Booting AOMEI from a flash drive behaves the same. But not always. Sometimes it will only backup Win10.


Comments

  • A system backup includes all partitions required by the system.

    It seems your win7 installation is using win10 system partition.

    If you include a screenshot of windows disk managament somebody might be able to advise a course of action.
  • Thanks SIW2 for that tip. My first thought was no, its not using the Win10 drive. Then it dawned on me: Since I boot from the Win10 drive & then select Win7, it's still tied to the Win10 boot manager. So I boot from the Win7 drive, and the problem is resolved!  Just have to remember to boot the drive that I want to back up. The boot manager on the Win7 drive does not see the Win10 drive.
  • I have the exact same dual boot setup as @CJ13760 (Win7/Win10 on separate disks). If I want to secure this setup, will I then have to make system backup of both OS? I tend to only backup Win7, as this was really tricky to get right. However, I suspect that somehow Win7 boot info is embedded in Win10, so that restoring Win7 on a fresh Win10 install might not work? Any thoughts?
  • edited March 2023
    Hello CJ13760, I understand you prefer to use system backups, but that is not working for you. Which motherboard mode are you using, BIOS, UEFI-csm, UEFI-noncsm?
    Please try to use disk backup method, that may work better for you. If you are using motherboard mode UEFI, and you want to manage the BCD boot settings, you could do that in the command line, or with msconfig, or with EasyBCD. Msconfig is the simplest way to manage the BCD boot settings. If you manage the BCD boot settings with the command line, or with EasyBCD, please practice that first on a separate PC that has no personal files on it. If you need to manage the BCD boot settings outside of windows, you could use Hirens > EasyBCD.
    Great free tools from Aomei:
    Aomei WinPE Builder 2.0 USB, includes: Partition Assistant, Backupper, Recuva, OSF Mount, CPU-Z, Bootice. Does not support internal NVMe disks.
    https://www.ubackup.com/articles/make-a-bootable-usb-1004.html
    https://www.ubackup.com/pe-builder.html
    Great free tools NOT from Aomei:
    EasyBCD - application
    https://easybcd.en.softonic.com
    LazeSoft - live USB boot repair
    https://www.lazesoft.com
    Hirens Boot PE - live USB tool suite
    To add custom drivers such as NVMe, simply put them into the “CustomDrivers” folder. Hirens is not recommended in combination with Ventoy USB.
    https://www.hirensbootcd.org






  • That's the cleanest way - Backup 7 & 10 separately, booting from the drive that you want to back up. Restore to the appropriate drive, booting from the recovery flash drive.
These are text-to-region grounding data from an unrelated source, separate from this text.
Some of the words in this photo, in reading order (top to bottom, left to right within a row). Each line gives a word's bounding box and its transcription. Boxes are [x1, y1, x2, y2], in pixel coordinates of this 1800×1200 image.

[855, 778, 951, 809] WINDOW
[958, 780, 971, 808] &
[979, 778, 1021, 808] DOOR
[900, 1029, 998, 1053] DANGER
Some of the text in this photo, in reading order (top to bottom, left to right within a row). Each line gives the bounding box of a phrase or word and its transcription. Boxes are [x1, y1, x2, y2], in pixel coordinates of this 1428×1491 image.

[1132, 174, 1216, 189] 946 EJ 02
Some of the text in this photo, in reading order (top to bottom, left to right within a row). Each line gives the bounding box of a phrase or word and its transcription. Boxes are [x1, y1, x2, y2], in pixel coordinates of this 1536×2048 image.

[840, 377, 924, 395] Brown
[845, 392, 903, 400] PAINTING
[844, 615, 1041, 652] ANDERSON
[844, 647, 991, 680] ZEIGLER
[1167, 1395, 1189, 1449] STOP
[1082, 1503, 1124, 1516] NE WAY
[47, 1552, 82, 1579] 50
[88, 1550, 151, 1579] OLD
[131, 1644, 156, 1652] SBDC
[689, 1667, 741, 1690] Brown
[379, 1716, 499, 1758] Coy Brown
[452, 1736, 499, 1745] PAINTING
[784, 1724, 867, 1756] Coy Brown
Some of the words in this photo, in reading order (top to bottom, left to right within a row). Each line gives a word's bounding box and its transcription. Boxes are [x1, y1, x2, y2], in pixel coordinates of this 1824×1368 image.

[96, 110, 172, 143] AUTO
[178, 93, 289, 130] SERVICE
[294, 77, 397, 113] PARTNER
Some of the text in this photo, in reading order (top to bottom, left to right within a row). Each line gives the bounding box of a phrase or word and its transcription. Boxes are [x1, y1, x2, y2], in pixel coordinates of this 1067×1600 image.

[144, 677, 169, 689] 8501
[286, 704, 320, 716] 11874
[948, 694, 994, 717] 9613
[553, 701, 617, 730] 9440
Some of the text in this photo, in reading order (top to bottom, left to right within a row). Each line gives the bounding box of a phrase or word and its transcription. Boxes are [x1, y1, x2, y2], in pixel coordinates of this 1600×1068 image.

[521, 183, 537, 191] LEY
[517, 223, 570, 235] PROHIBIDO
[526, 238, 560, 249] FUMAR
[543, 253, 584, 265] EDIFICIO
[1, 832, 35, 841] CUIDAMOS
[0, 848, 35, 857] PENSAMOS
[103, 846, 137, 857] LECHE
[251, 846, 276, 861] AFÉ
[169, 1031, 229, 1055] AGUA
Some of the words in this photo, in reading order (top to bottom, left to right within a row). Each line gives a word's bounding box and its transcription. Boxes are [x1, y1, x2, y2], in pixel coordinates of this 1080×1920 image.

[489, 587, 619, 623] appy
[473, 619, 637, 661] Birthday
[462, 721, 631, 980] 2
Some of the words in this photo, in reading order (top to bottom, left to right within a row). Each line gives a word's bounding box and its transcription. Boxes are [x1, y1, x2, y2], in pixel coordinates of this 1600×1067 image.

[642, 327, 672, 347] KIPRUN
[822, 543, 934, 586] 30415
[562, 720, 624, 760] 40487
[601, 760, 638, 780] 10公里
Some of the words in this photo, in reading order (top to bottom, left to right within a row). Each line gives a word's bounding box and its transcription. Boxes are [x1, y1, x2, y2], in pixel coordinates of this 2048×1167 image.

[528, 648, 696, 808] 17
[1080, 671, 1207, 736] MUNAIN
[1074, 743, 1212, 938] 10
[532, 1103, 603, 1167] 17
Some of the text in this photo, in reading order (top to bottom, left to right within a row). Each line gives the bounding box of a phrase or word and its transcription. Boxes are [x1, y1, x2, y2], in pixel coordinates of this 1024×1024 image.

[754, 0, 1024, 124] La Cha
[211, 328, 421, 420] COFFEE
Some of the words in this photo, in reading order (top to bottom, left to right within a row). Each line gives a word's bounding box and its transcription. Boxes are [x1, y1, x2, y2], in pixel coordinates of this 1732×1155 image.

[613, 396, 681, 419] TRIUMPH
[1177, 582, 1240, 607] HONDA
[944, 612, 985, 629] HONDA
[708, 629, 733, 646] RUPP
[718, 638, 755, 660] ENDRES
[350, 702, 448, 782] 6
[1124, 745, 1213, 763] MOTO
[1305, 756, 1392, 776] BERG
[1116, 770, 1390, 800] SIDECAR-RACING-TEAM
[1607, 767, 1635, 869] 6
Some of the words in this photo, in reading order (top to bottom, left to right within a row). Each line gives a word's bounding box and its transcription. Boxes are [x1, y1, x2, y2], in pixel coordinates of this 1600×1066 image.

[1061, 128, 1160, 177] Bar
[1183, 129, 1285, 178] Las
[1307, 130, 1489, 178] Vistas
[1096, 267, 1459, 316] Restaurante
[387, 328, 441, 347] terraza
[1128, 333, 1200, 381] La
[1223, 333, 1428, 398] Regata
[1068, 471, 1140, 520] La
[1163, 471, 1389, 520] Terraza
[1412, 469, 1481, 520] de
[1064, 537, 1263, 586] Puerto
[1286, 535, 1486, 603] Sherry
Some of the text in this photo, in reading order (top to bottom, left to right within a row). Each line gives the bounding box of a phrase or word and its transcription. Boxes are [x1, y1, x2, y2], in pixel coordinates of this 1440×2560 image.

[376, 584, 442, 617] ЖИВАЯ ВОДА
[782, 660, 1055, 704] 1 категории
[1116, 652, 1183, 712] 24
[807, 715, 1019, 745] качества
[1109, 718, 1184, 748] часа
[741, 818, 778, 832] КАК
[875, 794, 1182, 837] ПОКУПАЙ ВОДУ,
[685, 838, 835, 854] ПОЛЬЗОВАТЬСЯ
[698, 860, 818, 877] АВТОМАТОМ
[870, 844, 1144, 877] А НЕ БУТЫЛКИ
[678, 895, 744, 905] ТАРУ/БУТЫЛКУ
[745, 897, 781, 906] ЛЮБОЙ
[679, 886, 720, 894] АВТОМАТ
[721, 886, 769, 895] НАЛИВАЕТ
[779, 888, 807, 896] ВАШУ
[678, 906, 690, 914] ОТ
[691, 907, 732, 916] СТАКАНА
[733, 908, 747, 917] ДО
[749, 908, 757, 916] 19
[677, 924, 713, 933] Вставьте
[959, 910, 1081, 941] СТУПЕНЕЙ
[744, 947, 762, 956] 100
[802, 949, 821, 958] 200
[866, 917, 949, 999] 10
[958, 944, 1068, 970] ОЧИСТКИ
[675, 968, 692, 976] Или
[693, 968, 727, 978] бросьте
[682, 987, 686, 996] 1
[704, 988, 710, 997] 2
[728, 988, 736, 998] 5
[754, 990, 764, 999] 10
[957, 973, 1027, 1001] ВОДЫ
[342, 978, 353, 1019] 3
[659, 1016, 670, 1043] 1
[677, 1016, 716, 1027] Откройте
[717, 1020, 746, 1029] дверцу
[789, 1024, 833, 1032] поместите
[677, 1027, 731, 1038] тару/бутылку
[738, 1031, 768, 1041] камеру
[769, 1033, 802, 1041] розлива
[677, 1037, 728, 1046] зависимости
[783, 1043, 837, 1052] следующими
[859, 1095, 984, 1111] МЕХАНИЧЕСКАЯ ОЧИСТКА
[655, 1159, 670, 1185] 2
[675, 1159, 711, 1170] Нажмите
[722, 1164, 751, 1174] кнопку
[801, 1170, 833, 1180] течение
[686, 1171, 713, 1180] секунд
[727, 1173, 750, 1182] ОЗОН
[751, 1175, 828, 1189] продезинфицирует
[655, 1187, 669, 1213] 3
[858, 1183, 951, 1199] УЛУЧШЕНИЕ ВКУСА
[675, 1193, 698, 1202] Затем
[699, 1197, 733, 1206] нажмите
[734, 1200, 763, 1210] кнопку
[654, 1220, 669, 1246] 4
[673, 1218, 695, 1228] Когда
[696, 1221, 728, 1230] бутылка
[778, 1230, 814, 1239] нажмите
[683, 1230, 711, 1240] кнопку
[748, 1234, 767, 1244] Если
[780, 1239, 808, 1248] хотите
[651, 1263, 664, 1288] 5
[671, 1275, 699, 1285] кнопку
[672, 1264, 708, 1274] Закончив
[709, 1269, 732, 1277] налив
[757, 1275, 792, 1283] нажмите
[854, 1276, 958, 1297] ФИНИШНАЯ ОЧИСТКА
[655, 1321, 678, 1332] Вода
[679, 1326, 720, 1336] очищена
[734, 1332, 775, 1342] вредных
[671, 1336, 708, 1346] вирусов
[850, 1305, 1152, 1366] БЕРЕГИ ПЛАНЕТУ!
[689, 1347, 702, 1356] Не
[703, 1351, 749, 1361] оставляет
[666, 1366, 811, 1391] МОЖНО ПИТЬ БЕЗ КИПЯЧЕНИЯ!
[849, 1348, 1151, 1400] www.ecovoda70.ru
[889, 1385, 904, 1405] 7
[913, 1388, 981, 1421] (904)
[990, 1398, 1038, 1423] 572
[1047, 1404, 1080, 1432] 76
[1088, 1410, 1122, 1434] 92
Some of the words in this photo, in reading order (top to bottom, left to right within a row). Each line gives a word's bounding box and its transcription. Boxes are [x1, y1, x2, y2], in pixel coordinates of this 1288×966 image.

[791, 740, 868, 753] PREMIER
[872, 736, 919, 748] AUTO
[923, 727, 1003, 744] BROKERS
    aiArtisan  Apparently you misunderstood what I wrote previously:
    "Since I boot from the Win10 drive & then select Win7, it's still tied to the Win10 boot manager. So I boot from the Win7 drive, and the problem is resolved!  Just have to remember to boot the drive that I want to back up. The boot manager on the Win7 drive does not see the Win10 drive."


  • edited March 2023
    Yes I read that. Could you please reply with which of the 3 motherboard modes you are using?
  • BIOS. And I use EasyBCD.
  • @Mecmec, You need to boot from the system you want to back up, and then install software to create the system backup.